Moving on to distributable cash flow DCF. DCF per share is $0.49, which is $0.02 up from the third quarter of 2017, 4% increase. That is yet another very nice quarterly performance for 2018 and was strong growth in our natural gas segment. Natural gas was up $81 million or 9% that benefited -- that segment benefited on multiple fronts. You’ve already heard Haynesville, Eagle Ford and Bakken shale volumes were up and that benefited KinderHawk, South Texas and Hiland gathering and processing assets.
Our EPNG and NGPL pipelines had greater contributions, driven from Permian supply growth. Our Tennessee Gas Pipeline was up due to expansion projects which were placed in service. And our CIG pipeline experienced strong growth due to greater DJ basin production. Partially offsetting those items was lower contribution from our Gulf LNG due to a contract termination.
CO2 segment was up $16 million from last year, driven by NGL prices and greater volumes. Kinder Morgan Canada segment was down $18 million or 36% due to the sales of Trans Mountain and a loss of one month of contracts during the quarter.
G&A is lower by $16 million, and that’s due to greater capitalized overhead as well as lower G&A from the Trans Mountain sale.

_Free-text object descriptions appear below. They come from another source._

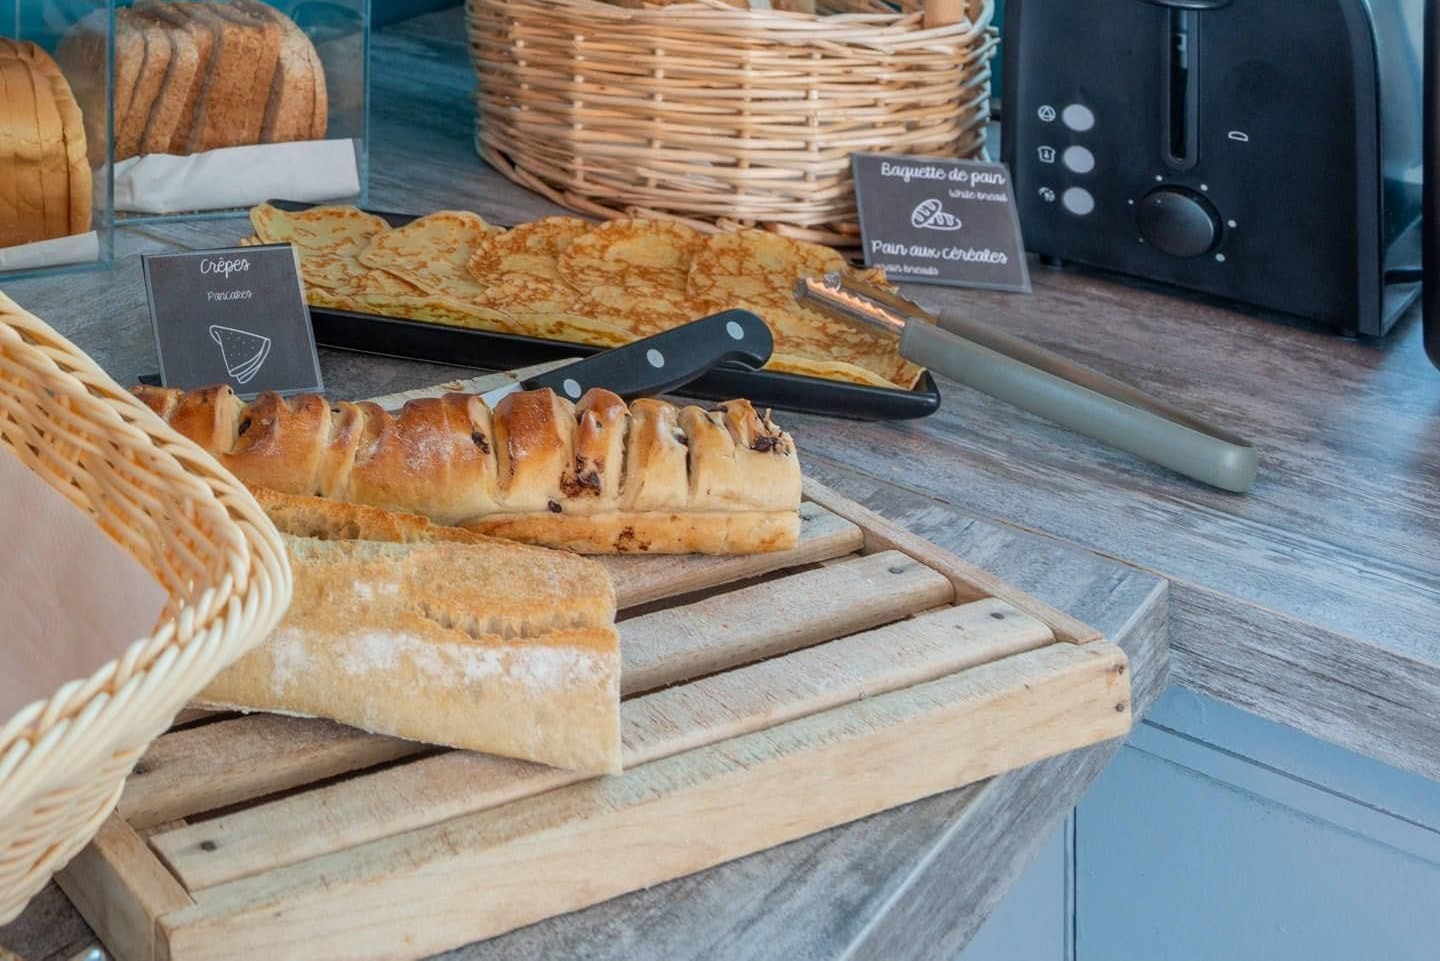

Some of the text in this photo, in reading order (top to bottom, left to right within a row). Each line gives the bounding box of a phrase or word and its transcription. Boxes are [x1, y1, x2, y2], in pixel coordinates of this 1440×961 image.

[881, 162, 1006, 188] Baguette de pain
[871, 240, 1008, 265] Pain aux céréales
[200, 256, 251, 279] Crêpes
[207, 289, 253, 302] Pancakes
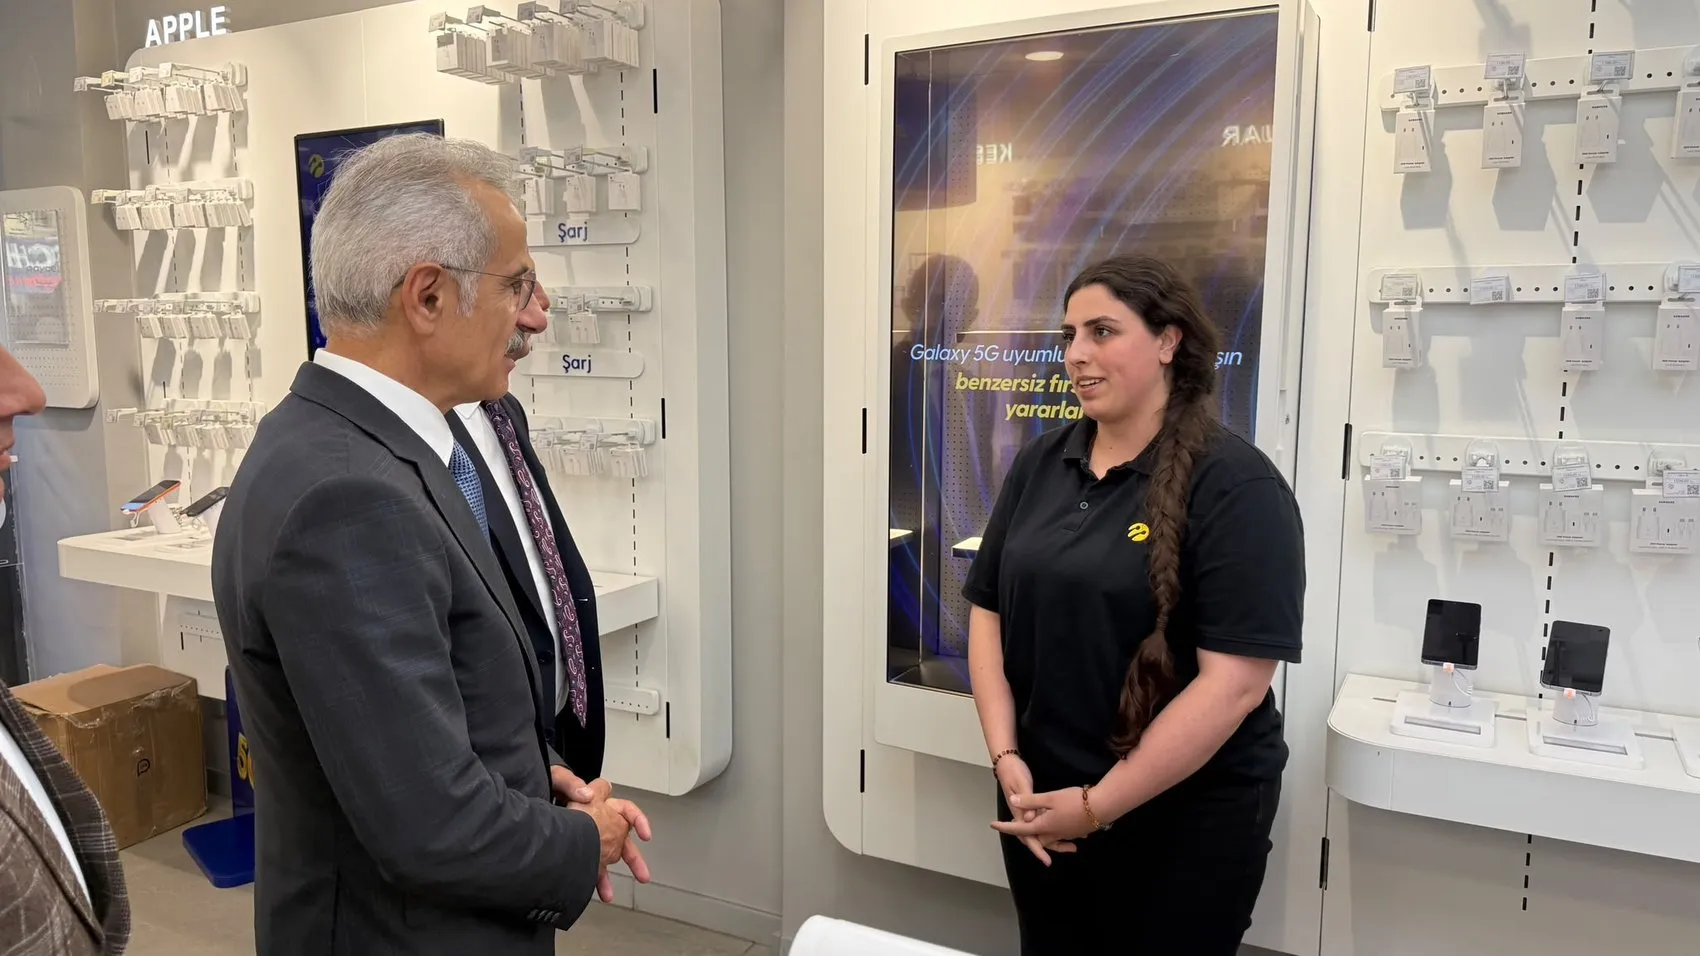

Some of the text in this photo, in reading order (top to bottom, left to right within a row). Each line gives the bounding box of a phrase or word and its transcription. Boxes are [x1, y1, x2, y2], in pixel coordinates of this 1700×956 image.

[145, 6, 227, 48] APPLE
[558, 221, 588, 243] Şarj
[562, 354, 591, 373] Şarj
[910, 343, 969, 365] Galaxy
[973, 345, 1000, 361] 5G
[955, 372, 1045, 393] benzersiz
[237, 732, 255, 789] 5

Interest expense is $10 million higher, driven by higher interest rates which will offset the benefit from a lower debt balance as well as some interest income that we earned on the sale proceeds. Sustaining capital was $36 million higher versus 2017. We have budgeted sustaining CapEx in 2018, it would be higher than 2017 and actually expect and favorable to our budget. So, to summarize, the segments were up $59 million; G&A costs were down $16 million; interest was 8 to $10 million. Cash taxes were $5 million. Other items driven by increased pension contribution for a reduction to DCF is $9 million and sustaining CapEx was higher by $38 million. That adds up to $43 million, which explains the main variances in the $38 million period-over-period change in DCF.

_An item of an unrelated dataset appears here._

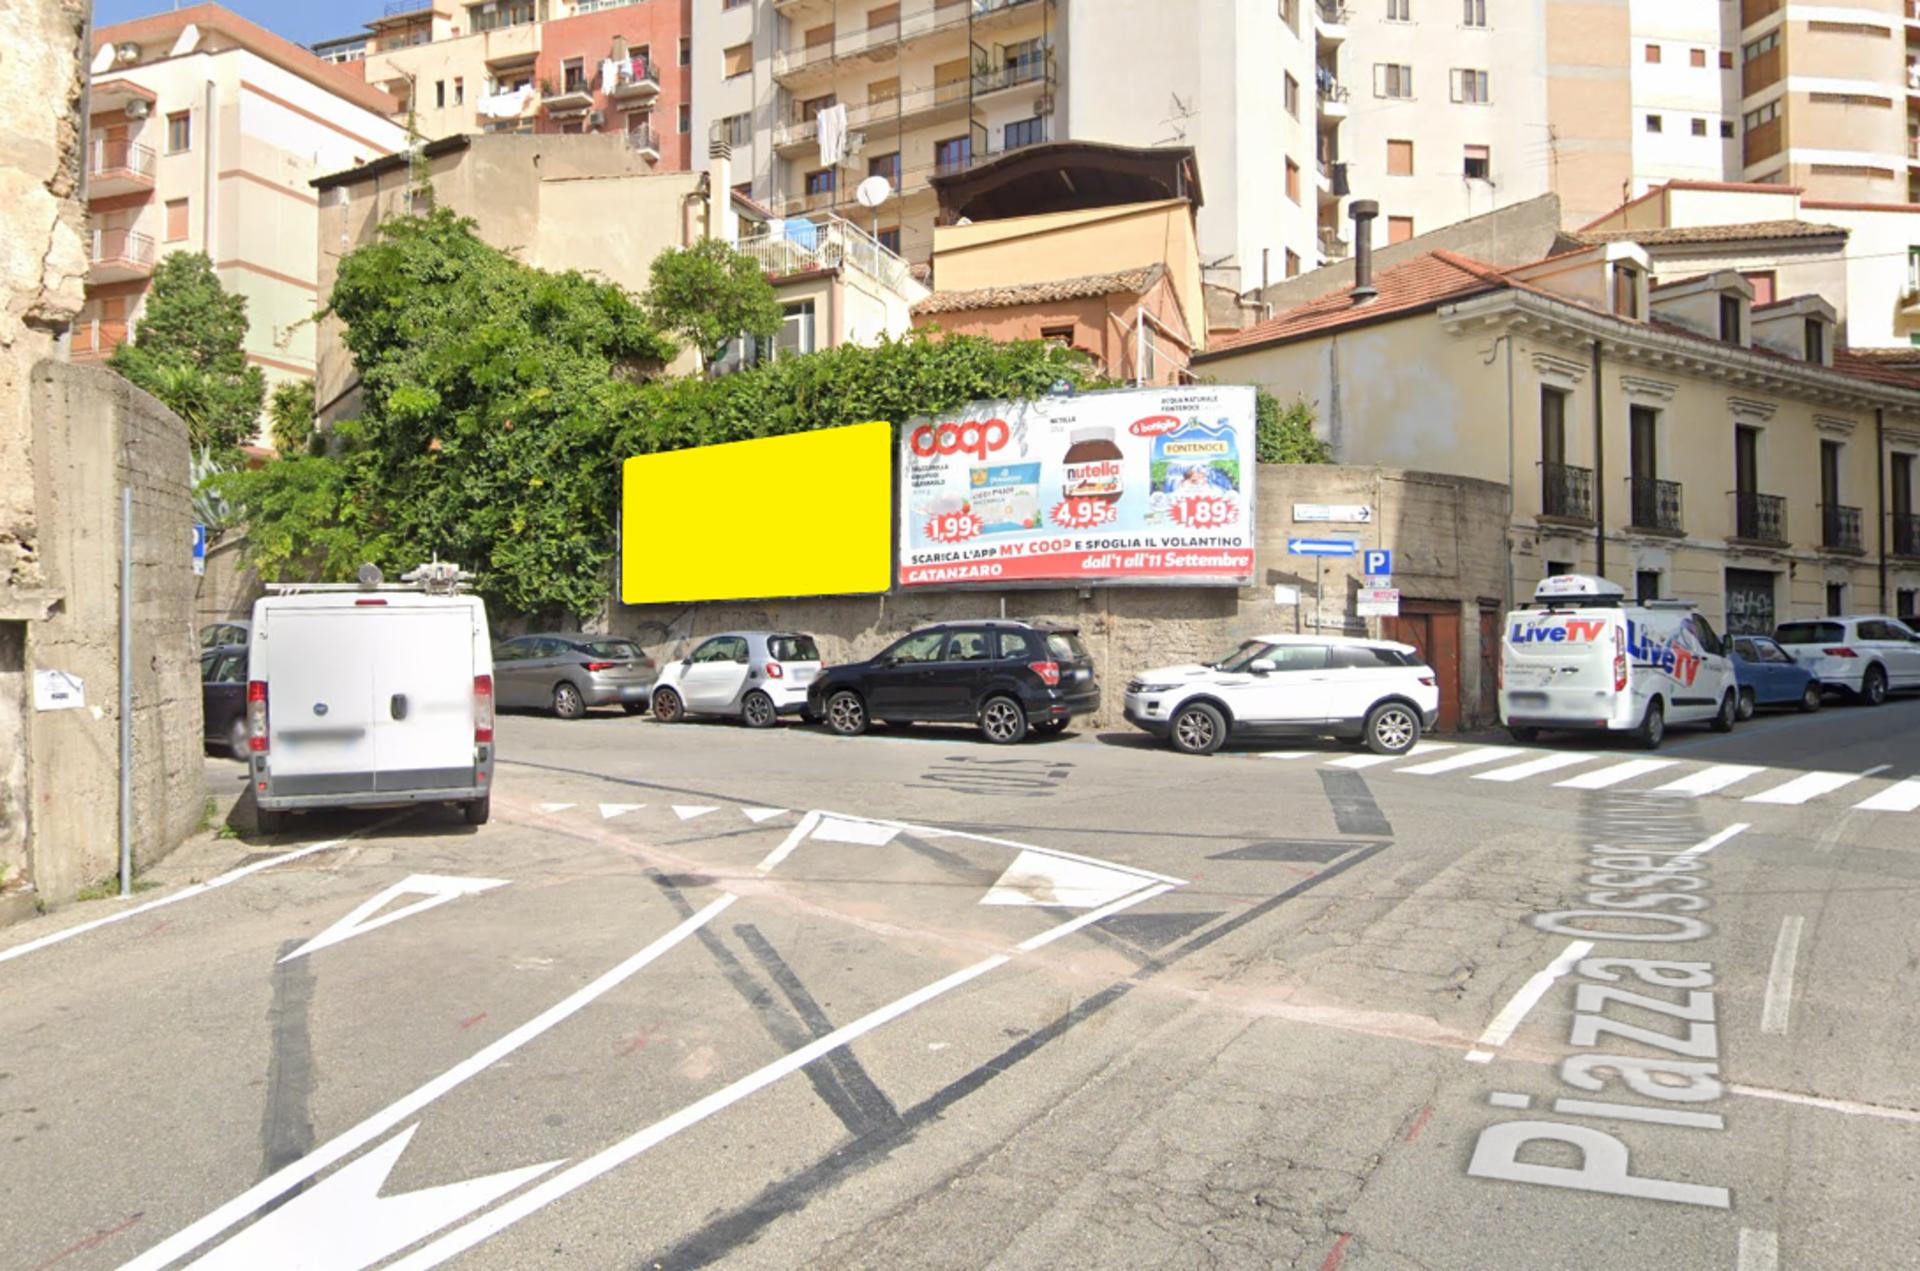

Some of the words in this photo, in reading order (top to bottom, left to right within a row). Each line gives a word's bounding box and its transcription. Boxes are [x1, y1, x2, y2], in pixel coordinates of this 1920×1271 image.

2018 remains on track to be a very good year for Kinder Morgan. We expect to exceed our budgeted of financial targets for a year, driven by natural gas and CO2 segments, lower G&A, cash taxes and sustaining capital expenditures, partially offset by reduced contributions from Kinder Morgan Canada as a result of the Trans Mountain sale, as well as lower contributions from our terminal segment due to lower lease capacity in the northeast and lower than expected Gulf throughput.

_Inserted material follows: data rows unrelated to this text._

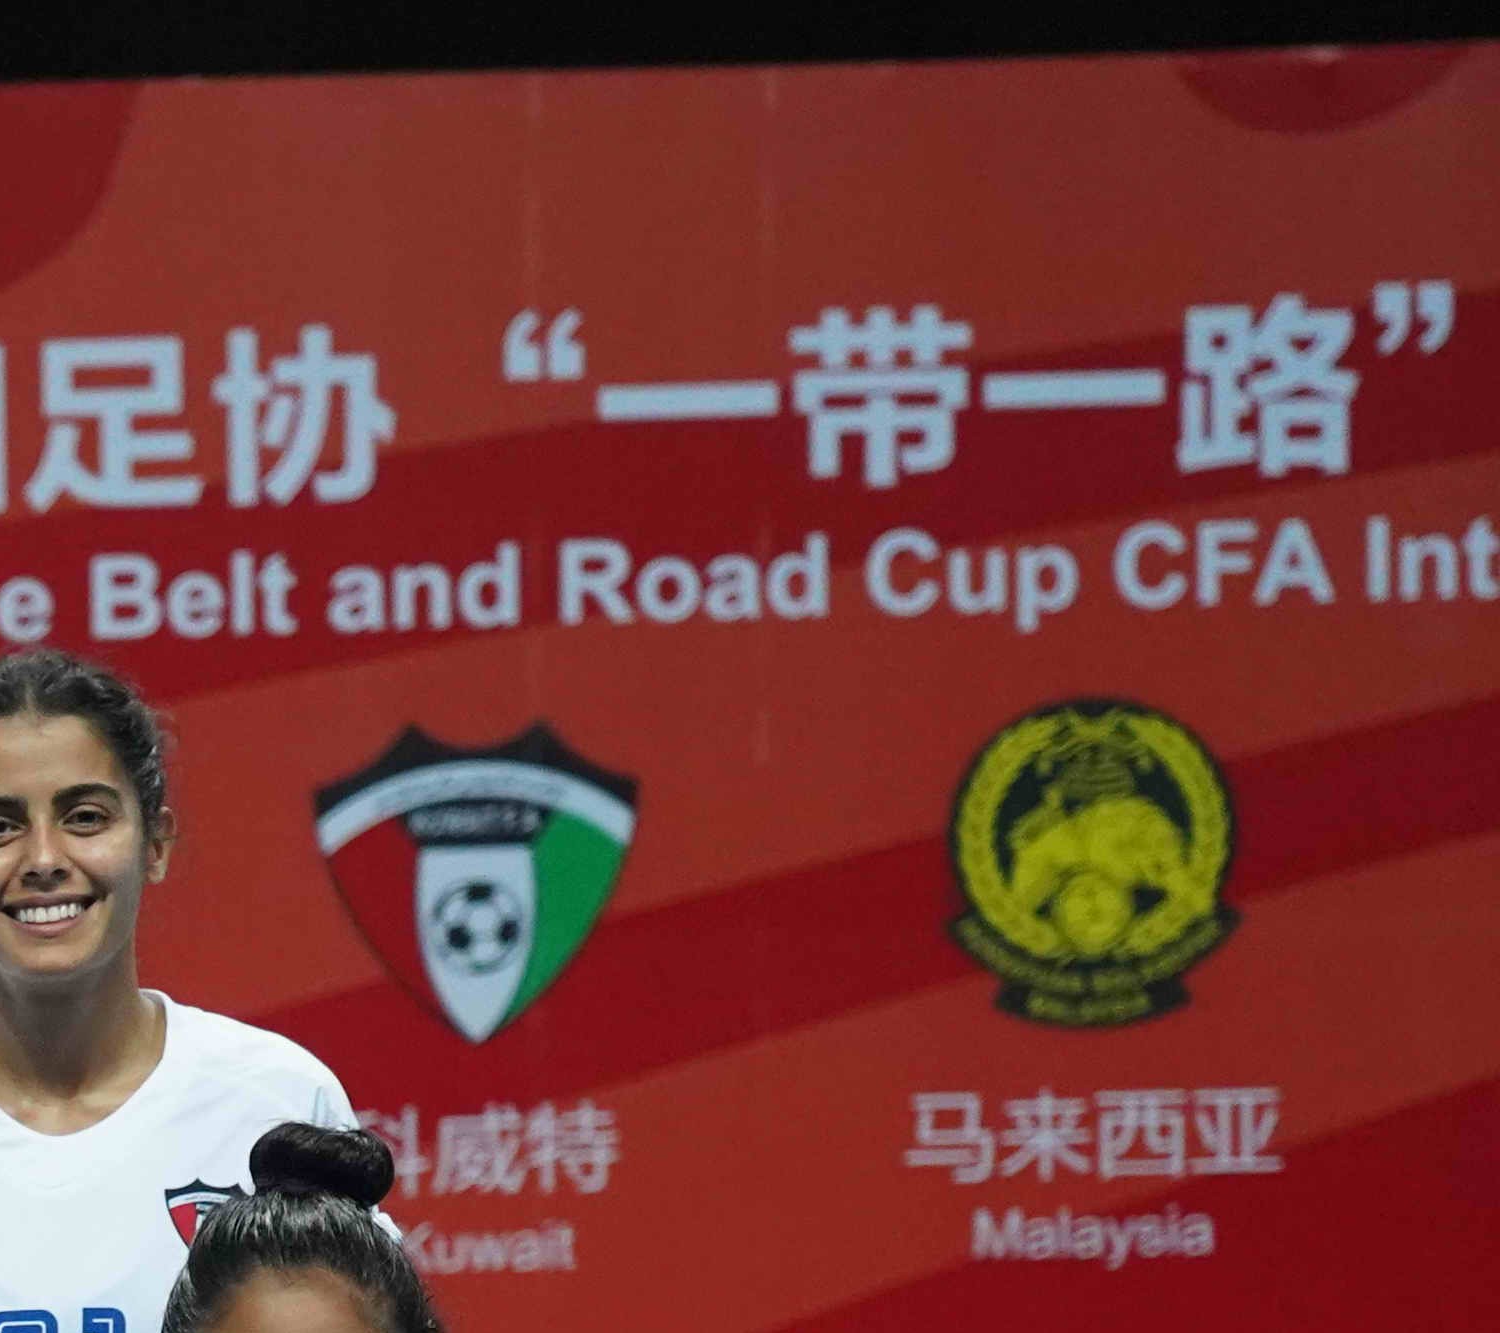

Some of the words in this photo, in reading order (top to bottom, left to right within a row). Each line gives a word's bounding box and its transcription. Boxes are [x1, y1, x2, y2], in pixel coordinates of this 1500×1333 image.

[503, 280, 1456, 490] “一带一路”
[88, 548, 299, 641] Belt
[326, 540, 523, 632] and
[558, 529, 831, 626] Road
[864, 526, 1080, 634] Cup
[1112, 518, 1336, 610] CFA
[904, 1086, 1286, 1186] 马来西亚
[403, 1218, 578, 1274] Kuwait
[969, 1204, 1215, 1271] Malaysia

One more note here. While natural gas is nicely ahead of plan year-to-date, as expected to finish the year ahead of plan, the segment does expect to be impacted relative to budget in the fourth quarter by the delayed in service of our Elba and LNG project as Steve Kean mentioned.
Moving on to the balance sheet. We expect -- we ended the quarter at 4.6 times net debt to EBITDA. Just to repeat that, we expect -- we ended the quarter at 4.6 times, net debt to EBITDA. So very important milestone and nice improvement from the 4.9 times last quarter and 5.1 times at year-end 2017.
Our current forecast also has this pending year at 4.6 times. The Trans Mountain sale was the largest driver of that improvement. The proceeds of that sale, they’ll reside at KML. We expect that the distribution of those proceeds will occur in January 2019, January 3, 2019, and we expect to use our share to pay down debt.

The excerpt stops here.